--- EXERCISE DETAILS ---
With nothing added or dropped, copy the data that follows exactly.

[RECORDED INFORMATION Boundary: Start]

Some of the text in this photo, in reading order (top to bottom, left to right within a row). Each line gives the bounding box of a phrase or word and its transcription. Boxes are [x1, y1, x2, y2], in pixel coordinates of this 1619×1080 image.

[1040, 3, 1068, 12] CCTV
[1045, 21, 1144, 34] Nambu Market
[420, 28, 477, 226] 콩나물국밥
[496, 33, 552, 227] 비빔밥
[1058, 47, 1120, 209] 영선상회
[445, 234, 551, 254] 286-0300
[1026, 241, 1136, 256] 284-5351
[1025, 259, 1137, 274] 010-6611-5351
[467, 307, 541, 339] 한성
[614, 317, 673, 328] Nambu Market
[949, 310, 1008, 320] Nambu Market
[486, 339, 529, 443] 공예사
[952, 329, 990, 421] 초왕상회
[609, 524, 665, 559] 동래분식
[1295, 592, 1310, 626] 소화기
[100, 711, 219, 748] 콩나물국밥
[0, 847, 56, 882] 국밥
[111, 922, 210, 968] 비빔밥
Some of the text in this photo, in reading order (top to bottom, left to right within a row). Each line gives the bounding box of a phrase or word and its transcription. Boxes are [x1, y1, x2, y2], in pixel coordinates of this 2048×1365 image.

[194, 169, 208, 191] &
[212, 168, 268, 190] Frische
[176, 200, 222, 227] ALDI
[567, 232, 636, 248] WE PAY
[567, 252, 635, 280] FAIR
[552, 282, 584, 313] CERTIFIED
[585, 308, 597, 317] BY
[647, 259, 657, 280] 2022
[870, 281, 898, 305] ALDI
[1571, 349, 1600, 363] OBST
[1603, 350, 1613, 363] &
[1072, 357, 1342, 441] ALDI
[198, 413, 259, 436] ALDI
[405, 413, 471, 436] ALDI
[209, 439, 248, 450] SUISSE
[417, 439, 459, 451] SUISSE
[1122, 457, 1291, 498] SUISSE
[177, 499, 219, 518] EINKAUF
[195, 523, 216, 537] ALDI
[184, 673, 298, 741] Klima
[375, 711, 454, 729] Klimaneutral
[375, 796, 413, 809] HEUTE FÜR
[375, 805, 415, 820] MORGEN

[RECORDED INFORMATION Boundary: End]

--- EXERCISE SOLUTION ---
Some of the text in this photo, in reading order (top to bottom, left to right within a row). Each line gives the bounding box of a phrase or word and its transcription. Boxes are [x1, y1, x2, y2], in pixel coordinates of this 1619×1080 image.

[1040, 3, 1068, 12] CCTV
[1045, 21, 1144, 34] Nambu Market
[420, 28, 477, 226] 콩나물국밥
[496, 33, 552, 227] 비빔밥
[1058, 47, 1120, 209] 영선상회
[445, 234, 551, 254] 286-0300
[1026, 241, 1136, 256] 284-5351
[1025, 259, 1137, 274] 010-6611-5351
[467, 307, 541, 339] 한성
[614, 317, 673, 328] Nambu Market
[949, 310, 1008, 320] Nambu Market
[486, 339, 529, 443] 공예사
[952, 329, 990, 421] 초왕상회
[609, 524, 665, 559] 동래분식
[1295, 592, 1310, 626] 소화기
[100, 711, 219, 748] 콩나물국밥
[0, 847, 56, 882] 국밥
[111, 922, 210, 968] 비빔밥
Some of the text in this photo, in reading order (top to bottom, left to right within a row). Each line gives the bounding box of a phrase or word and its transcription. Boxes are [x1, y1, x2, y2], in pixel coordinates of this 2048×1365 image.

[194, 169, 208, 191] &
[212, 168, 268, 190] Frische
[176, 200, 222, 227] ALDI
[567, 232, 636, 248] WE PAY
[567, 252, 635, 280] FAIR
[552, 282, 584, 313] CERTIFIED
[585, 308, 597, 317] BY
[647, 259, 657, 280] 2022
[870, 281, 898, 305] ALDI
[1571, 349, 1600, 363] OBST
[1603, 350, 1613, 363] &
[1072, 357, 1342, 441] ALDI
[198, 413, 259, 436] ALDI
[405, 413, 471, 436] ALDI
[209, 439, 248, 450] SUISSE
[417, 439, 459, 451] SUISSE
[1122, 457, 1291, 498] SUISSE
[177, 499, 219, 518] EINKAUF
[195, 523, 216, 537] ALDI
[184, 673, 298, 741] Klima
[375, 711, 454, 729] Klimaneutral
[375, 796, 413, 809] HEUTE FÜR
[375, 805, 415, 820] MORGEN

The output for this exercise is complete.